Göz hastalıklarının en tehlikeli hastalığı katarakttır. İstatistiklere göre, 40 yaşın üzerindeki gezegendeki her 6 kişiden birinde, körlüğe neden olan tam olarak budur. Ama bu hastalık nedir? Gelişiminin nedeni nedir, doktorlar arasında katarakt sınıflandırması nedir?
Bu hastalık nedir?
Hemen hemen her insan hayatında en az bir kez, ancak katarakt gibi bir hastalığı duymuştur. Bu hastalık nedir? Katarakt sınıflandırmaları nelerdir?
Bu hastalık, görme kalitesini olumsuz etkileyen merceğin bulanıklaşmasıdır. Hastalık zamanında tespit edilmez ve tedaviye başlanmaz ise sonuç olarak tam körlük başlar.
Göz merceği, ışık ışınlarını retinaya odaklamaktan sorumlu organdır. Basit bir ifadeyle, bu, iris ve vitreus gövdesi arasında bulunan bir tür mercektir. Bir ışık ışını akışını kıran ve ileten odur.
GençGövdenin merceği şeffaf ve elastik bir yapıya sahiptir. Göz kaslarının kontrolü altında kolaylıkla şeklini değiştirebilir, istenilen keskinliği ayarlayabilir, bu sayede gözün her yönü mükemmel görmesi sağlanır. Ancak yaşla birlikte lens yoğunlaşır, elastikiyet ve şeffaflık kaybolur. Katarakt denilen şey bu bulutlu durumdur.

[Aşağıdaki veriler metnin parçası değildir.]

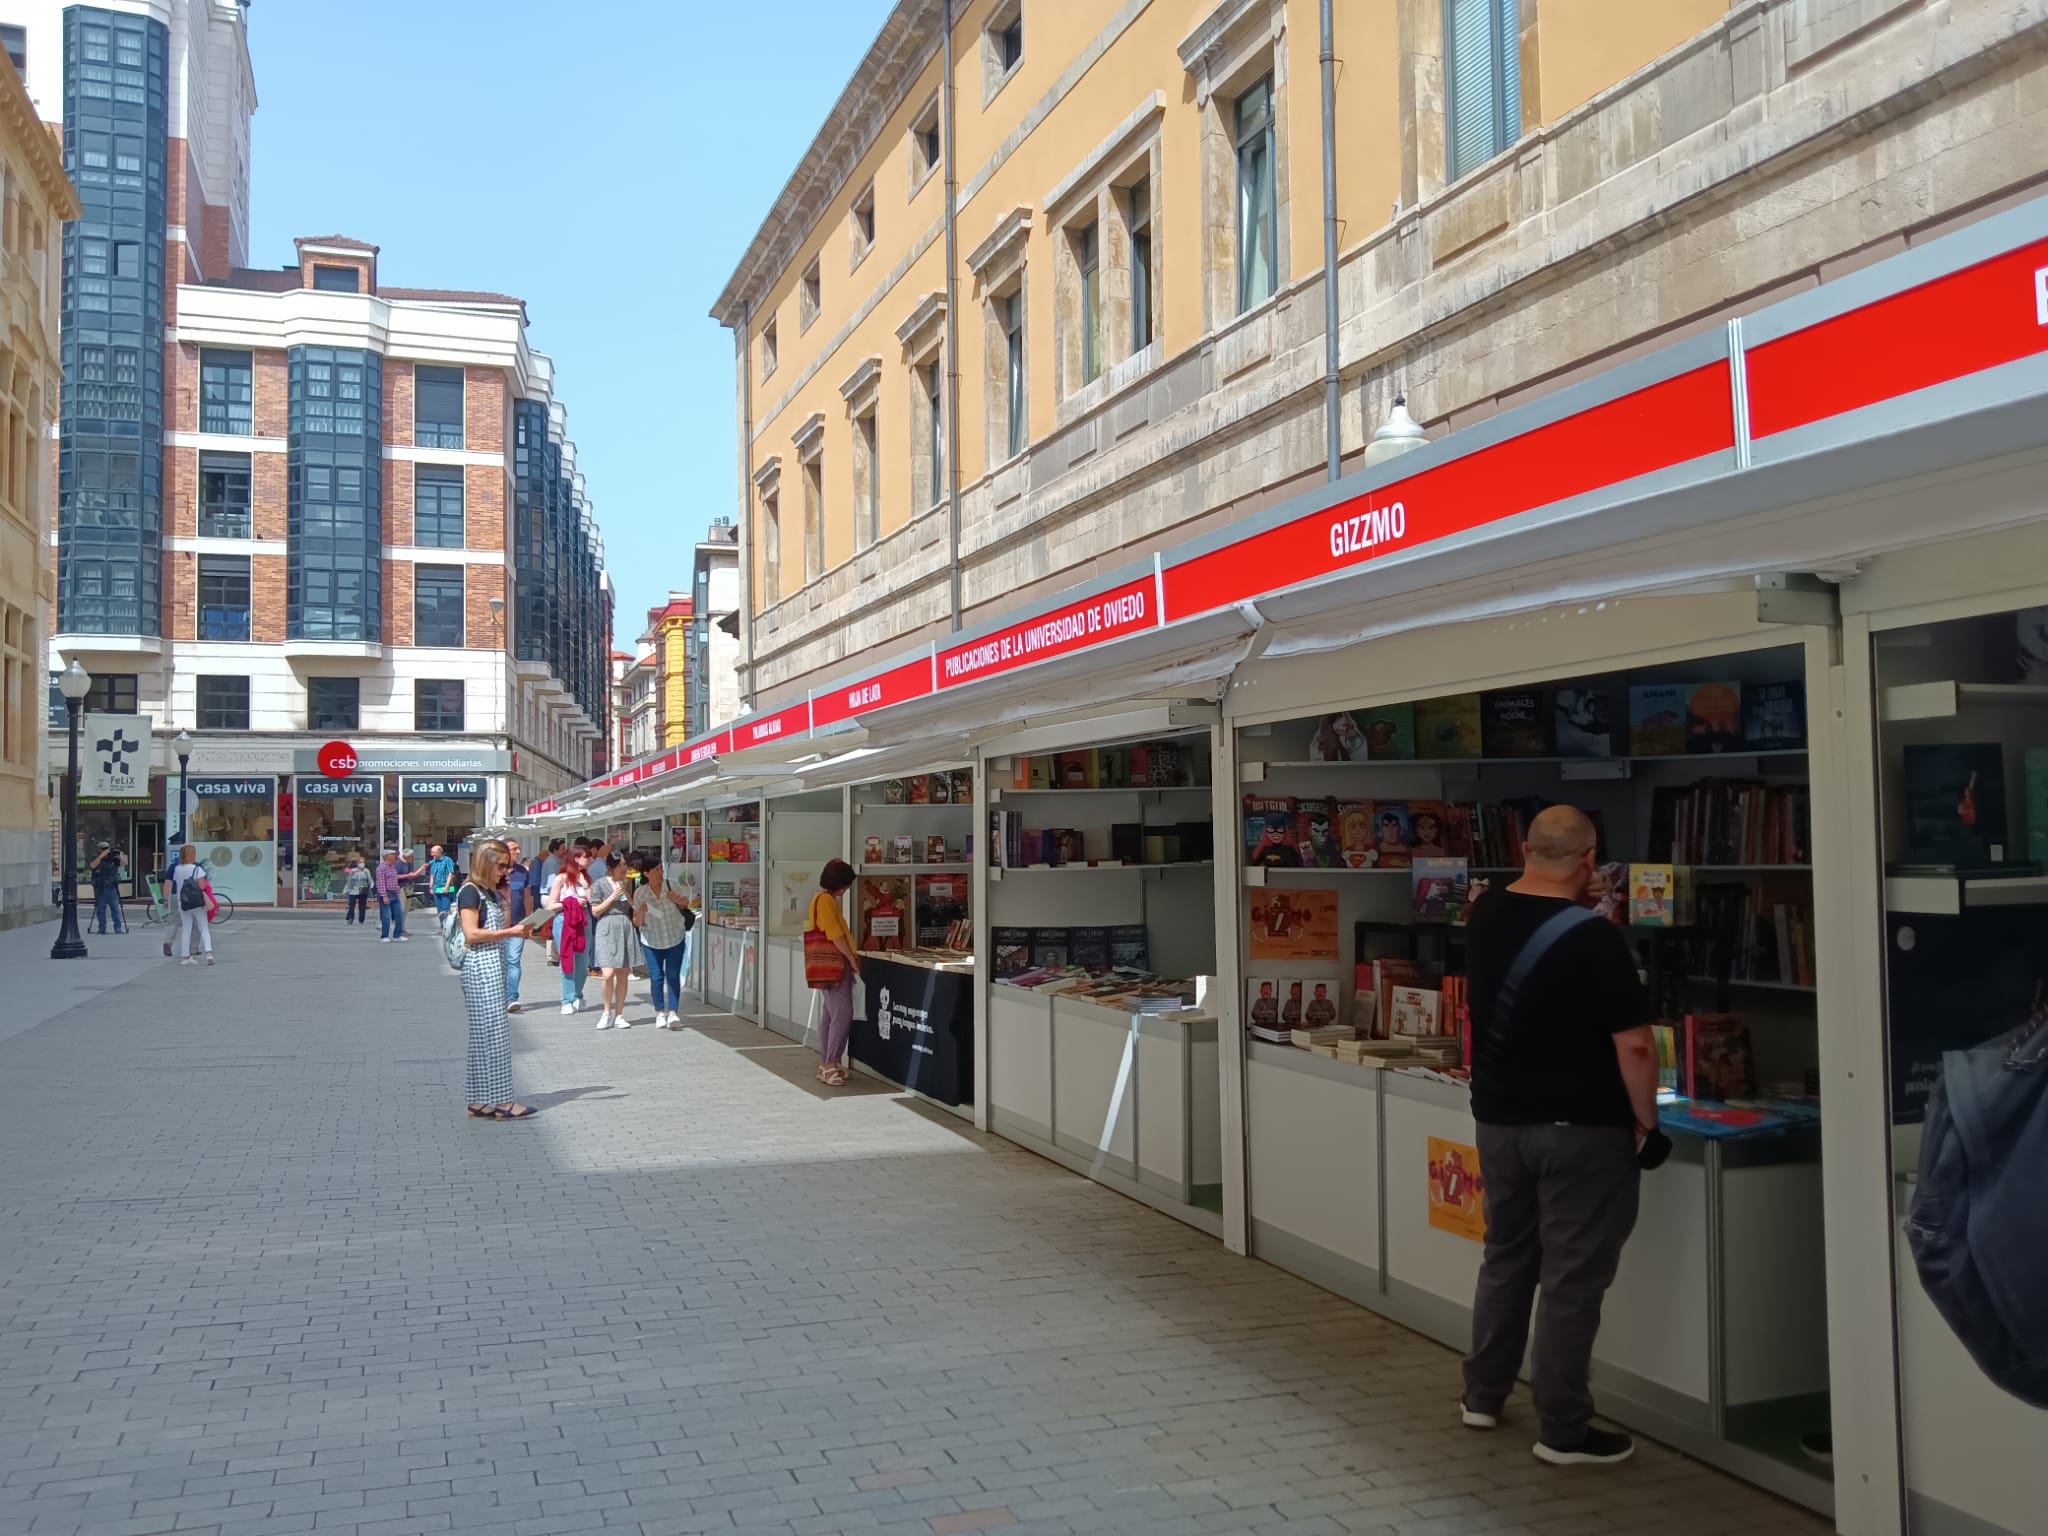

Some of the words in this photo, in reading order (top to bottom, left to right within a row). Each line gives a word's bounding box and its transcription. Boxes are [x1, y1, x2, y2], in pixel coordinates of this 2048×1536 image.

Sınıflandırmaya bağlı olarak, katarakt tam veya kısmidir. Her şey merceğin ne kadar alanının bulutlu olduğuna bağlıdır. Bulutlu bir organ artık ışık ışınlarını çok iyi iletmez, doğru kırılmalarını ve odaklanmalarını engeller. Sonuç olarak, hastanın görme keskinliği azalır, nesnelerin konturları artık o kadar net değildir, gözlerin önünde bir "peçe" belirir. Yavaş yavaş, uygun tedavi olmadan hastalık ilerler ve sonuç olarak tam körlük görülür.
Hastalığın nedenleri
Kataraktın belirtileri, tedavisi ve önlenmesinden bahsetmeden önce nedenlerine açıklık getirmek gerekir. Bu hastalığı ne kışkırtır? Bugüne kadar kataraktın kesin nedeni açıklanmadı, ancak hastalığın kökenini açıklamaya yardımcı olan birkaç teori var.
Uzmanların çoğu, merceğin dokularına verilen serbest radikal hasarı teorisine eğilimlidir. Sonuç olarak, dokunun bulanıklaşmasına yol açan opak moleküller oluşur. Zamanla, serbest radikaller insan vücudunda birikir ve gözler dahil tüm organları olumsuz etkiler.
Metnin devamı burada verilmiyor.